Até agora, 2,05 milhões de pessoas concluíram o processo no Estado, por meio do site oficial receita.fazenda.gov.br. Também é possível fazer a declaração por meio de um programa de computador e do aplicativo “Meu INSS”, disponível para celulares Android e iOS. No início da tarde, o sistema registrava uma média de 66 mil acessos por hora.

Em todo o Brasil, 3,2 milhões de contribuintes ainda não colocaram o imposto em dia, aponta o mesmo relatório divulgado neste sábado. Ao menos 28,7 milhões de declarações foram entregues, sendo que na maioria dos casos o certificado digital não foi emitido. Apenas 99,1 mil de cidadãos brasileiros já estão livres da prestação de contas.

Quem precisa declarar

— Quem recebeu rendimentos tributáveis, sujeitos ao ajuste na declaração, cuja soma tenha sido superior a R$ 28.559,70;

— Contribuintes que receberam rendimentos isentos, não tributáveis ou tributados exclusivamente na fonte, cuja soma ficou acima de R$ 40 mil no ano passado;

— Quem obteve, em qualquer mês de 2020, ganho de capital na alienação de bens ou direitos sujeito à incidência do Imposto de Rena, ou então realizou operações em bolsas de valores, de mercadorias, de futuros e similares;

— Contribuintes com receita bruta em valor superior a R$ 142.798,50 no âmbito de atividades rurais;

— Quem pretende compensar, no ano-calendário de 2020 ou posteriores, prejuízos de anos-calendário anteriores ou do próprio ano-calendário de 2020;

— Contribuintes com posse ou a propriedade de bens ou direitos, em valor total superior a R$ 300 mil até 31 de dezembro; inclusive para “terra nua” (imóvel rural que compreende o solo com sua superfície e respectiva floresta nativa, despojado das construções, instalações e melhoramentos, das culturas permanentes, das árvores de florestas plantadas e das pastagens cultivadas ou melhoradas, que se classificam como investimentos e benfeitorias).

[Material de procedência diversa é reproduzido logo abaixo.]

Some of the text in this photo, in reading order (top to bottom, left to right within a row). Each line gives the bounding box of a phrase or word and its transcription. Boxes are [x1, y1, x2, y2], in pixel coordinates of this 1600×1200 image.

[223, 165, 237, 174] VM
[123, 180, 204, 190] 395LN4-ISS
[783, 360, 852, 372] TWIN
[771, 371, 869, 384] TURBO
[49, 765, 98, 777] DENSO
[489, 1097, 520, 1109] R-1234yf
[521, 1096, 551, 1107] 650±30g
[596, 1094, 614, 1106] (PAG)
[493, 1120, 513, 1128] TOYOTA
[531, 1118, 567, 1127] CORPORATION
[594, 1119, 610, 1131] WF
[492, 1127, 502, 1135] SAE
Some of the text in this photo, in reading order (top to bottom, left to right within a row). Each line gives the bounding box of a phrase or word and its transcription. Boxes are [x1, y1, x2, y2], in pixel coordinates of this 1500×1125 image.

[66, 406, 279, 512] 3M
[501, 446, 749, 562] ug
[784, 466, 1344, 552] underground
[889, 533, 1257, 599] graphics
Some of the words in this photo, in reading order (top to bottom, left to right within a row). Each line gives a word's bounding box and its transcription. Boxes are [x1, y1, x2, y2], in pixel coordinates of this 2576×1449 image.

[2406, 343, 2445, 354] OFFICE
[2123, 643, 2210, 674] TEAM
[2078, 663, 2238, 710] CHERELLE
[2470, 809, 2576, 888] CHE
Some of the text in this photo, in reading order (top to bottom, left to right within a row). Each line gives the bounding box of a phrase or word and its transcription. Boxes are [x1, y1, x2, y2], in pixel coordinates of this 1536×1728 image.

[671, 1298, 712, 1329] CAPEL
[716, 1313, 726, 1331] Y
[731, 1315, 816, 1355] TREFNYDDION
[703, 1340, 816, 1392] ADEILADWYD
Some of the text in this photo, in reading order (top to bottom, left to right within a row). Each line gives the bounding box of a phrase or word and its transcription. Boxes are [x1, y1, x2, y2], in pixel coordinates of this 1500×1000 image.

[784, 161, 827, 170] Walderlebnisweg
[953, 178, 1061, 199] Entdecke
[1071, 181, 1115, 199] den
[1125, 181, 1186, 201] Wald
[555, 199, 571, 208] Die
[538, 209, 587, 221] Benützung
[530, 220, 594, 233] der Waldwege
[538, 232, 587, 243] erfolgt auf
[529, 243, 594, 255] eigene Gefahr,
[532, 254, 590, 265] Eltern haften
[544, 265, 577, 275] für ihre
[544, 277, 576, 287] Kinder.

— Quem passou à condição de residente no Brasil em qualquer mês e nessa condição encontrava-se em 31 de dezembro;

— Contribuintes que optaram pela isenção do imposto sobre a renda incidente sobre o ganho de capital auferido na venda de imóveis residenciais, caso o produto da venda seja aplicado na aquisição de imóveis residenciais localizados no País, no prazo de 180 dias, contado da celebração do contrato de venda;

— Quem recebeu Auxílio Emergencial em 2020, em qualquer valor, e outros rendimentos tributáveis em valor anual superior a R$ 22.847,76.